■ Exercise details:
Would you please copy all of the data exactly, skipping the images?
═══ Input ═══
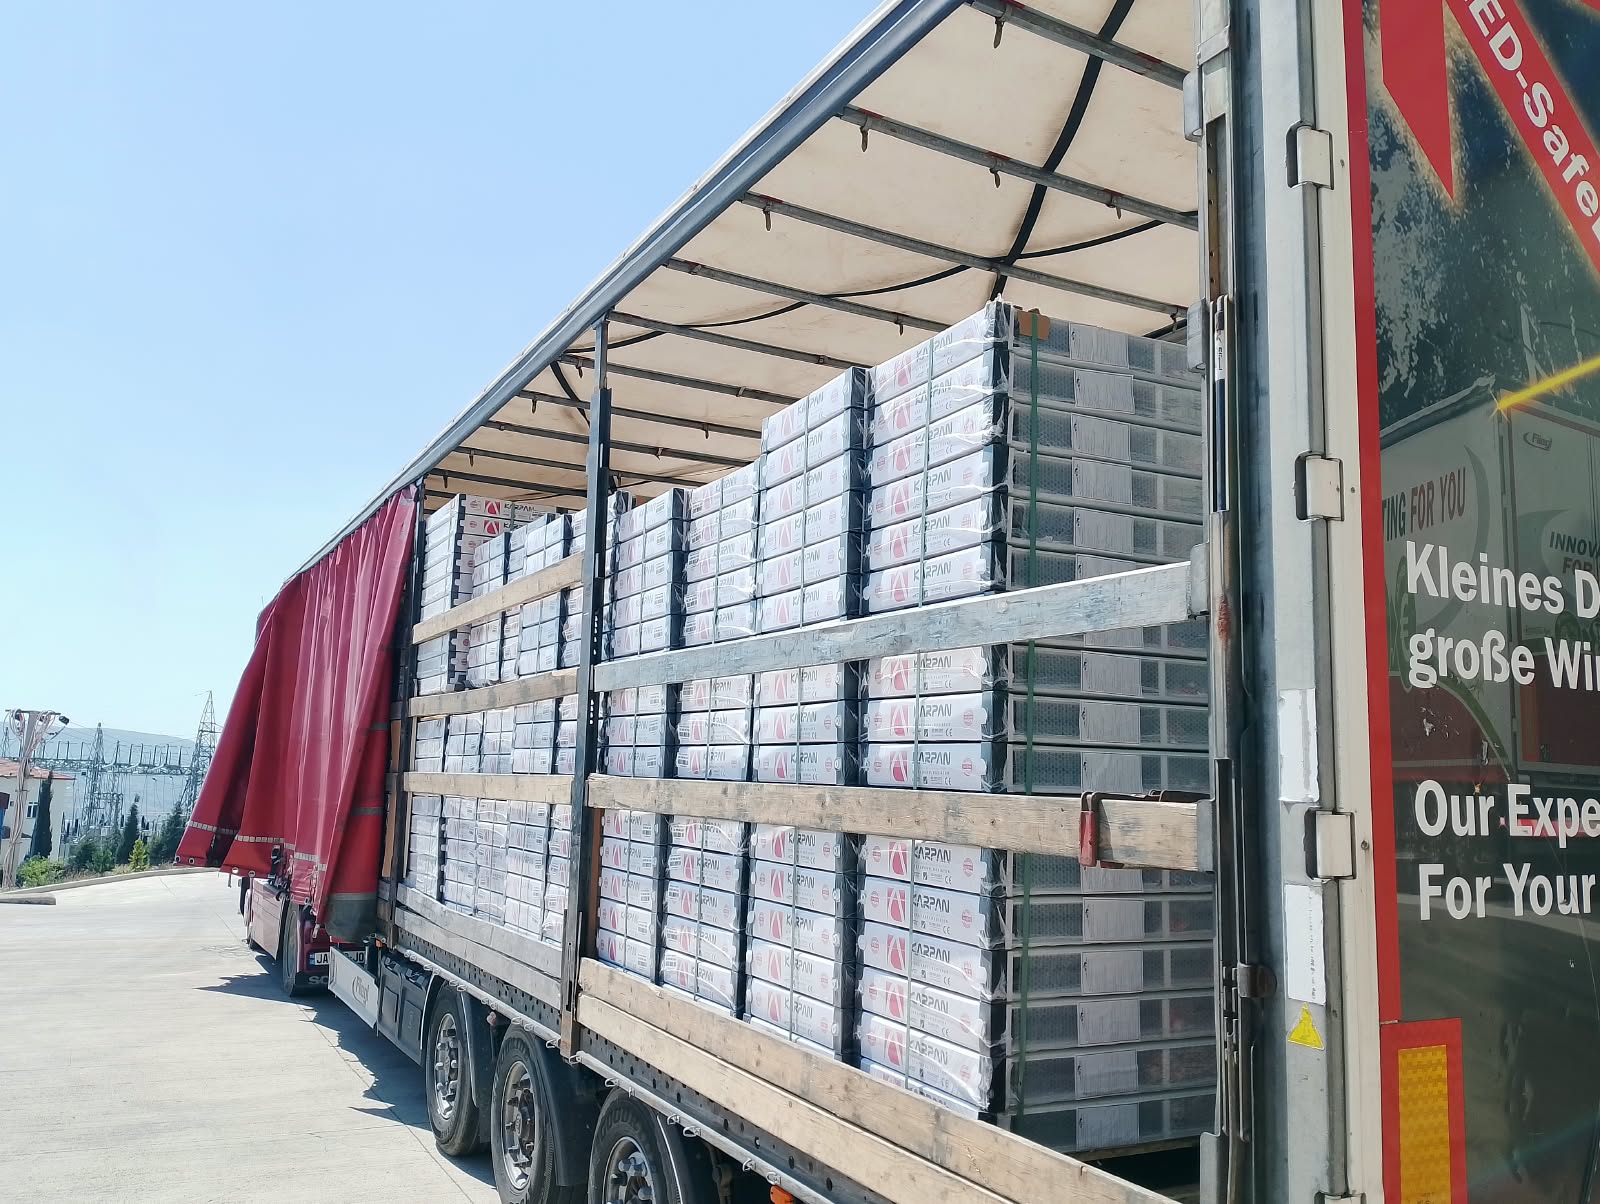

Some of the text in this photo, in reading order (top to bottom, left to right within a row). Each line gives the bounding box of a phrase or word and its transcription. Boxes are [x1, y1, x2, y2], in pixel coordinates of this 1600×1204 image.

[1464, 0, 1600, 244] ED-Safe
[916, 332, 953, 363] KAPAN
[798, 391, 824, 414] KAPAN
[796, 431, 823, 451] KAPAN
[1410, 480, 1435, 533] FOR
[1440, 466, 1466, 523] YOU
[794, 509, 822, 529] KAPAN
[793, 550, 820, 567] KAPAN
[913, 561, 951, 582] KRPAN
[1406, 540, 1564, 614] Kleines
[792, 589, 820, 606] KAPAN
[1409, 628, 1535, 688] große
[790, 669, 818, 683] KAPAN
[913, 703, 952, 718] ARPAN
[913, 751, 951, 765] ARPAN
[1414, 779, 1600, 848] Our Expe
[788, 832, 816, 847] KRPAN
[696, 857, 720, 870] KRPAN
[787, 872, 815, 888] KRPAN
[694, 894, 718, 908] KRPAN
[1418, 862, 1595, 921] For Your
[786, 914, 814, 932] KRPAN
[784, 954, 813, 975] KRPAN
[784, 996, 813, 1018] KRPAN
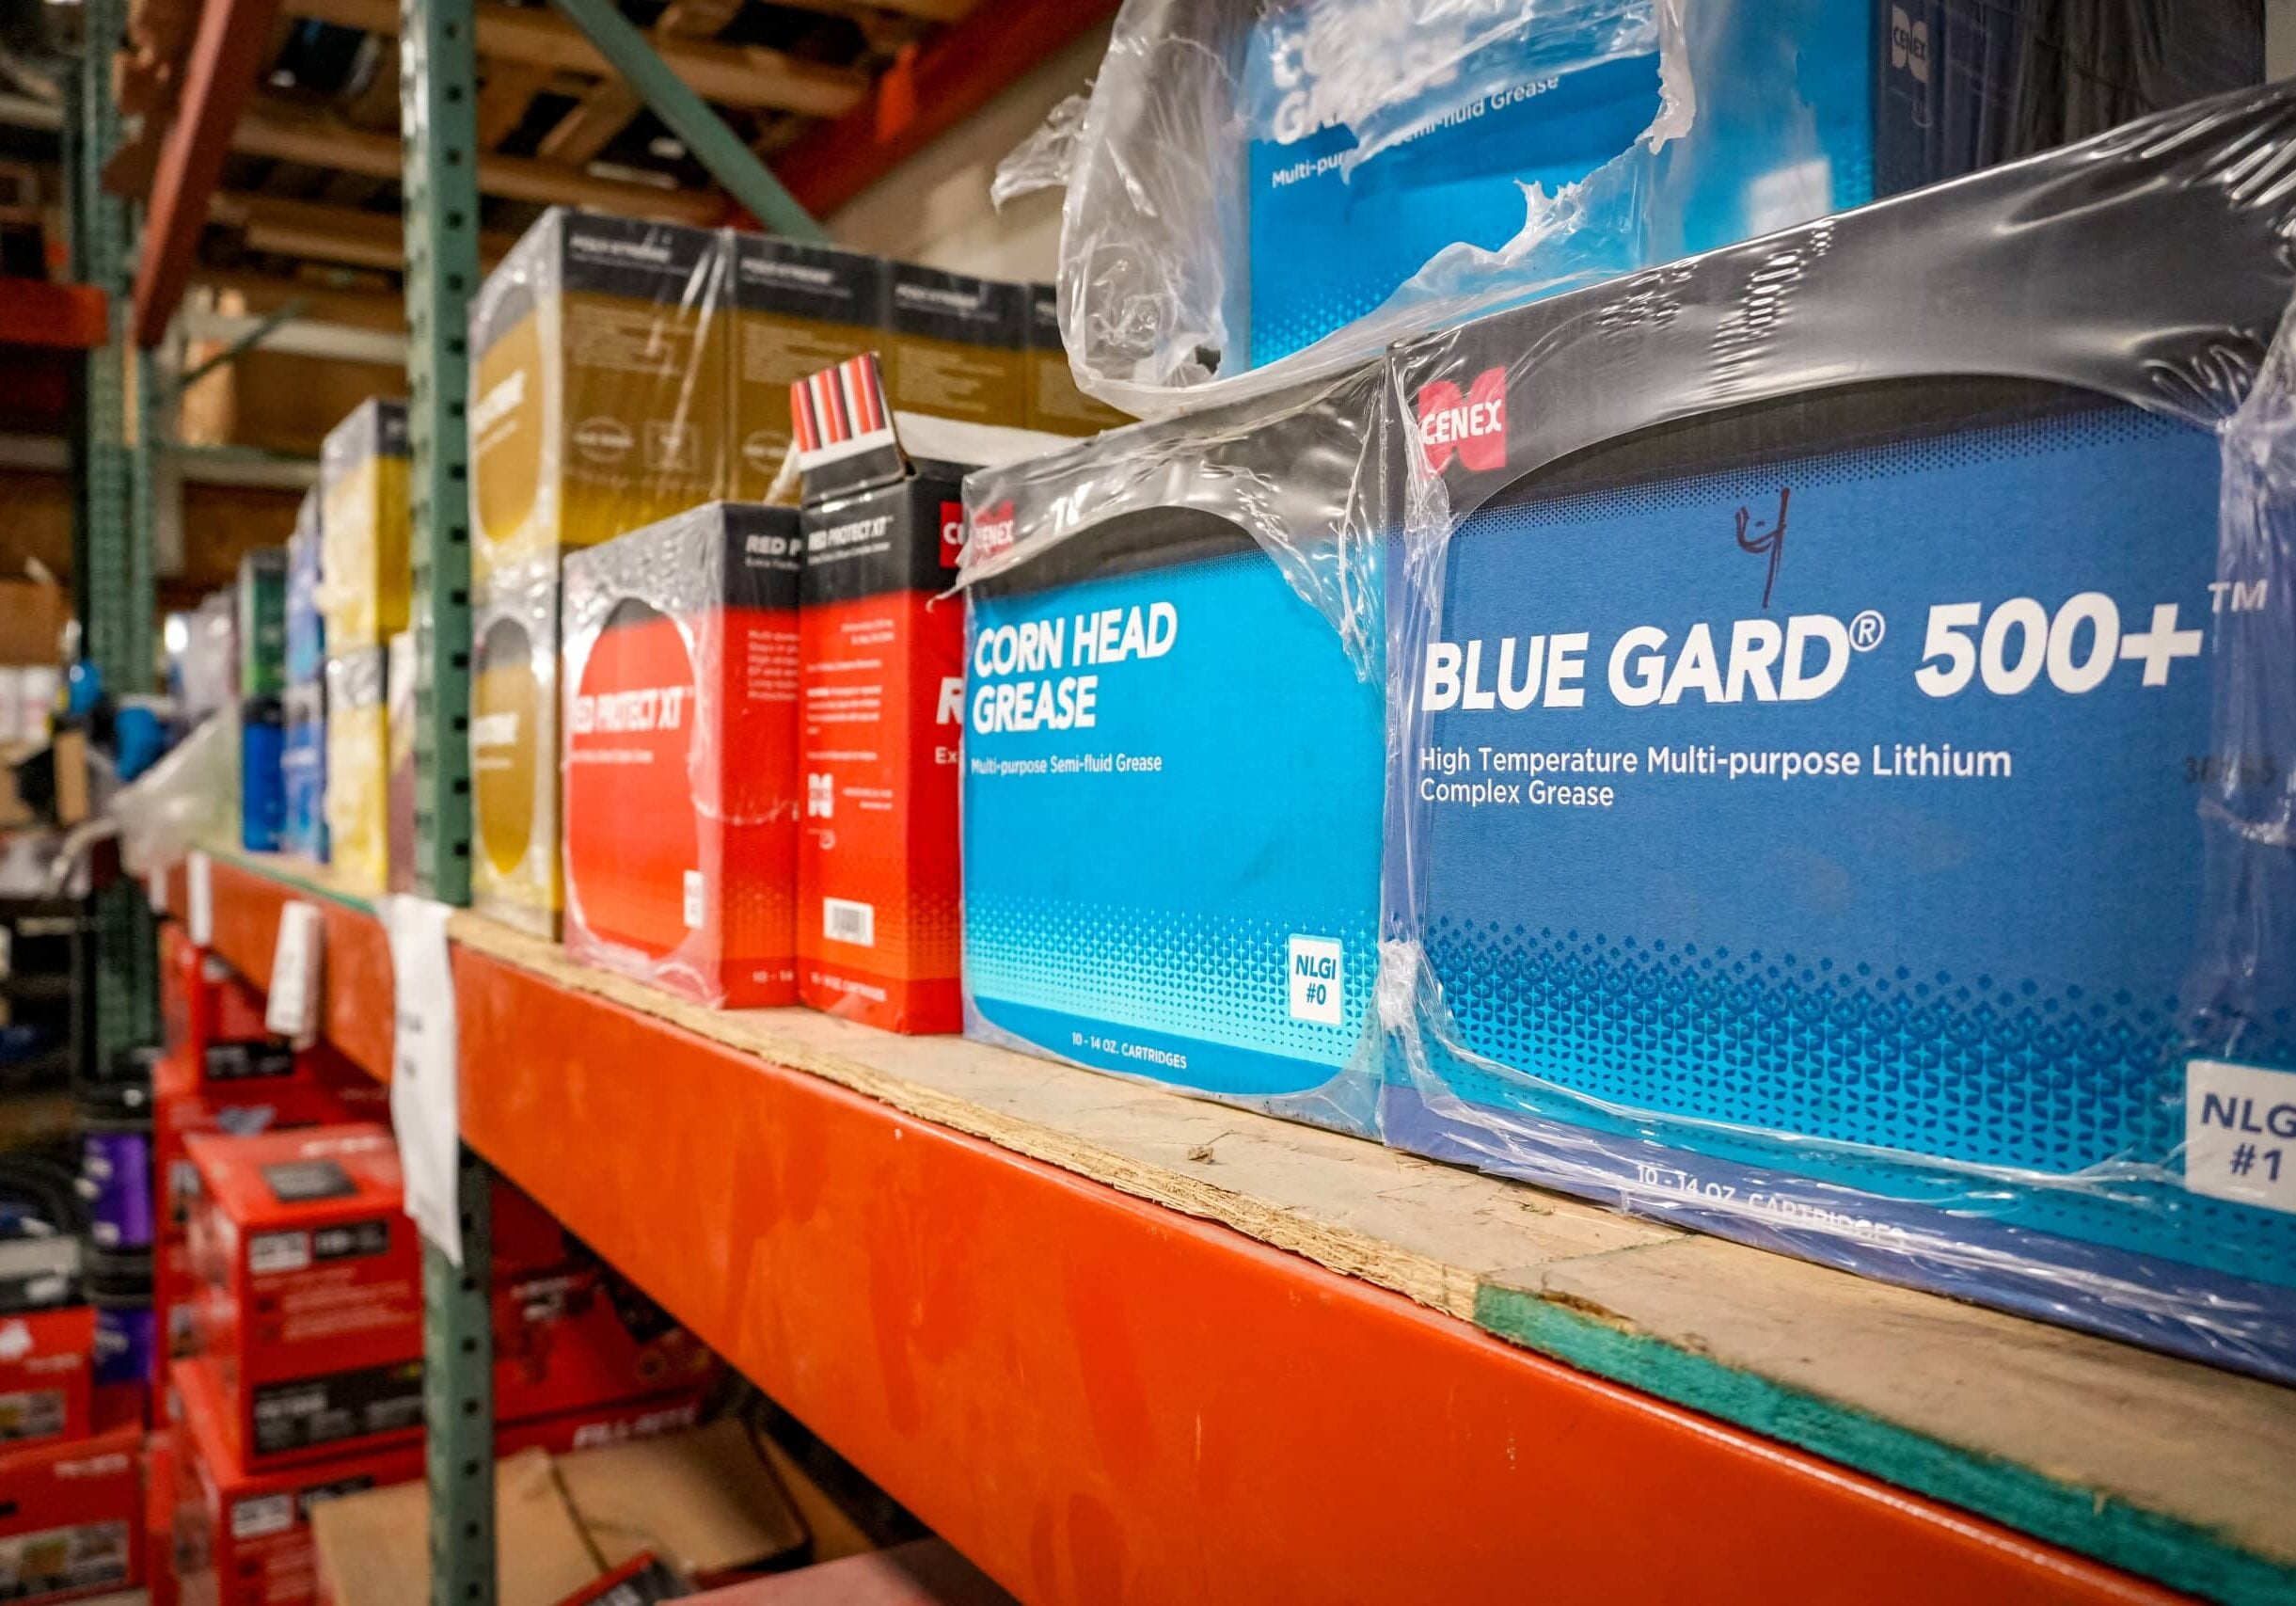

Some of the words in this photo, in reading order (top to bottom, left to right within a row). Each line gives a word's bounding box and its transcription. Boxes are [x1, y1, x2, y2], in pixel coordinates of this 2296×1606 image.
═══
■ Exercise answer:
Some of the text in this photo, in reading order (top to bottom, left to right within a row). Each line gives the bounding box of a phrase or word and its transcription. Boxes are [x1, y1, x2, y2], in pixel coordinates of this 1600×1204 image.

[1464, 0, 1600, 244] ED-Safe
[916, 332, 953, 363] KAPAN
[798, 391, 824, 414] KAPAN
[796, 431, 823, 451] KAPAN
[1410, 480, 1435, 533] FOR
[1440, 466, 1466, 523] YOU
[794, 509, 822, 529] KAPAN
[793, 550, 820, 567] KAPAN
[913, 561, 951, 582] KRPAN
[1406, 540, 1564, 614] Kleines
[792, 589, 820, 606] KAPAN
[1409, 628, 1535, 688] große
[790, 669, 818, 683] KAPAN
[913, 703, 952, 718] ARPAN
[913, 751, 951, 765] ARPAN
[1414, 779, 1600, 848] Our Expe
[788, 832, 816, 847] KRPAN
[696, 857, 720, 870] KRPAN
[787, 872, 815, 888] KRPAN
[694, 894, 718, 908] KRPAN
[1418, 862, 1595, 921] For Your
[786, 914, 814, 932] KRPAN
[784, 954, 813, 975] KRPAN
[784, 996, 813, 1018] KRPAN

Some of the words in this photo, in reading order (top to bottom, left to right within a row). Each line gives a word's bounding box and its transcription. Boxes are [x1, y1, x2, y2], in pixel coordinates of this 2296×1606 image.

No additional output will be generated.